Dit suggereert dat als we eenmaal een plantaardig darmecosysteem hebben ontwikkeld, onze bacteriën geen TMAO zullen produceren, zelfs als we af en toe iets dierlijk eten. We weten echter nog niet hoe snel darmbacteriën verschuiven na een verschuiving in ons dieet, maar het lijkt niet alles of niets te zijn.

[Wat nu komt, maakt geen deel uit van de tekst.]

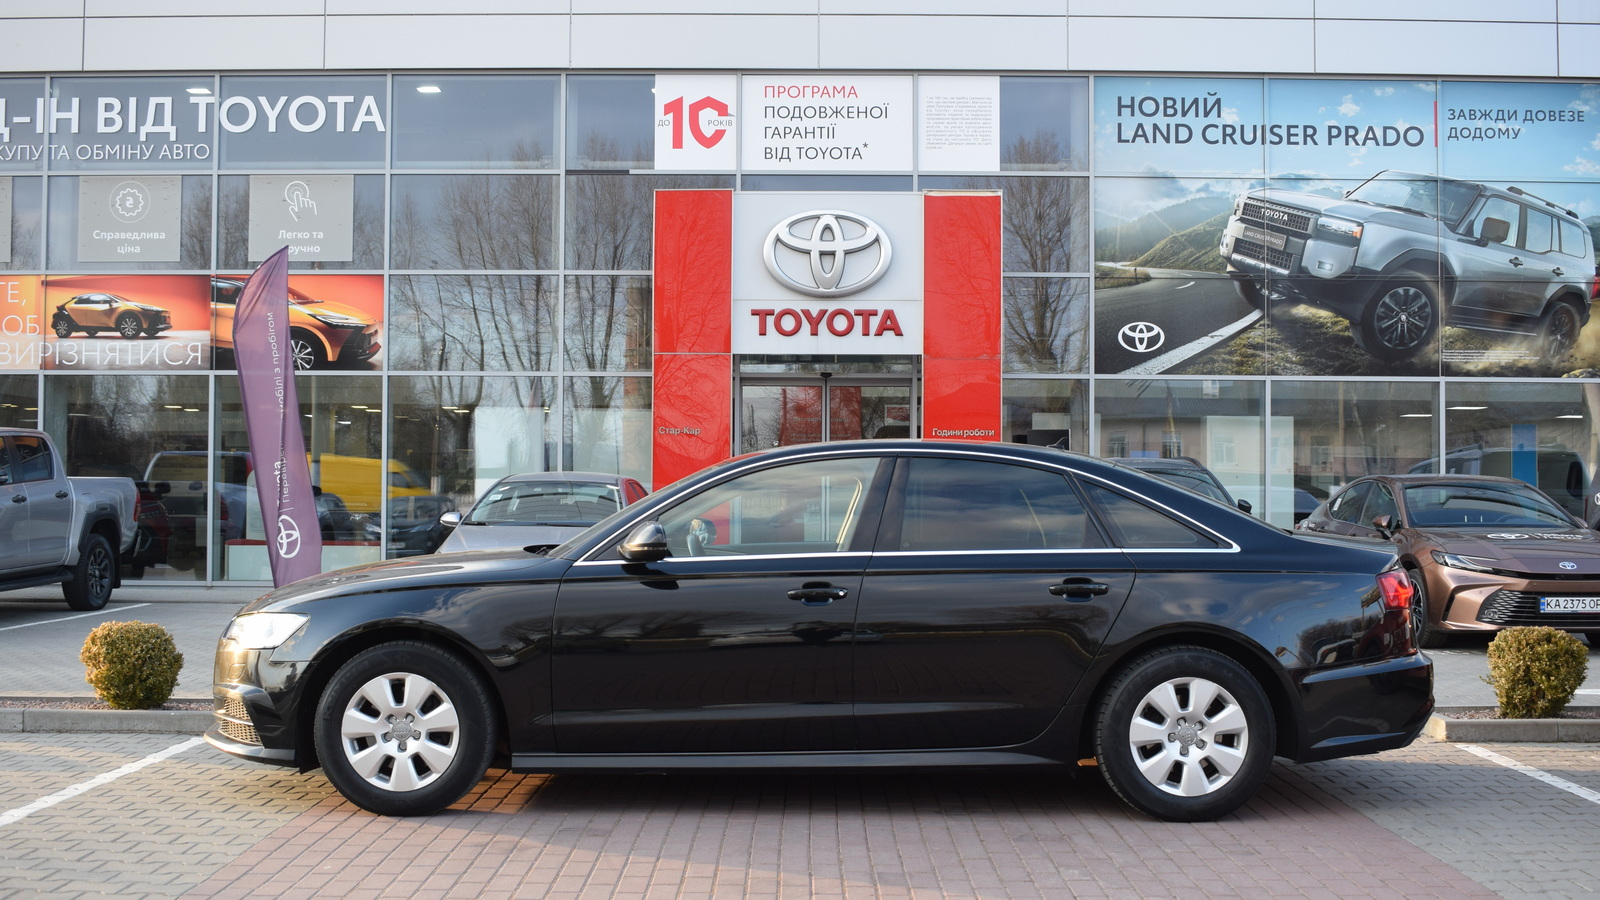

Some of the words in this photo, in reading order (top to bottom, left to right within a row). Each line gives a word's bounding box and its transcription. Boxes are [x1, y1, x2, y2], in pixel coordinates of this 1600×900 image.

[764, 85, 858, 99] ПРОГРАМА
[764, 103, 889, 121] ПОДОВЖЕНОЇ
[1117, 92, 1222, 118] НОВИЙ
[0, 97, 80, 142] -ІН
[97, 97, 177, 142] ВІД
[190, 95, 386, 133] TOYOTA
[707, 119, 733, 127] РОКІВ
[1447, 109, 1518, 124] ЗАВЖДИ
[1522, 109, 1585, 124] ДОВЕЗЕ
[764, 124, 836, 139] ГАРАНТІЇ
[1117, 122, 1193, 144] LAND
[1201, 123, 1318, 146] CRUISER
[1327, 125, 1424, 147] PRADO
[1447, 126, 1521, 142] ДОДОМУ
[49, 145, 70, 160] ТА
[76, 144, 154, 160] ОБМІНУ
[159, 143, 210, 159] АВТО
[764, 147, 791, 162] ВІД
[1260, 209, 1288, 221] TOYOTA
[93, 230, 166, 241] Справедлива
[278, 230, 309, 240] Легко
[312, 232, 324, 240] та
[117, 243, 141, 254] ціна
[282, 245, 320, 254] ручно
[751, 308, 903, 337] TOYOTA
[267, 312, 280, 365] пробігом
[0, 342, 202, 365] ВИРІЗНЯТИСЯ
[658, 426, 701, 436] Стар-Кар
[932, 428, 963, 437] Години
[963, 428, 995, 438] роботи
[1546, 599, 1561, 609] KA
[1563, 599, 1587, 609] 2375

Aan de andere kant is aangetoond dat vleesvrije diëten “een diepgaande invloed hebben op het menselijk metabolisme”. Alleen al door een urinemonster te analyseren, kunnen we zien wat voor soort dieet mensen eten, op basis van metingen hoe laag TMAO niveaus zijn in de urine van degenen die vegetarische diëten zonder eieren eten. We kunnen dezelfde mensen zelfs laten rouleren door drie verschillende diëten en bepalen wie een vleesrijk, weinig vleesdieet of geen vleesdieet volgt, voortgaand op de verschillende verbindingen die worden geproduceerd door de verschillende darmflora of verschillende flora-activiteit na slechts ongeveer twee weken op de verschillende diëten. Het is mogelijk dat sommige van de gunstige effecten van volledig plantaardig voedsel worden gemedieerd door de effecten die ze hebben op onze darmbacteriën.
Strikt plantaardige voedingswijzen zijn geaccepteerd als een voedingsstrategie voor het voorkomen en beheersen van ziekten. Misschien komt dit gedeeltelijk door hun nogal unieke darmflora, met minder ziekteverwekkende bacteriën en meer van de beschermende soorten. Dus, al die tijd dachten we dat de reden waarom degenen die plantaardig aten een lager percentage hartziekten hadden, was omdat ze minder verzadigd vet en cholesterol aten, maar misschien dragen hun lagere TMAO-waarden ook bij aan hun voordelen, dankzij hun verminderde inname van carnitine en choline.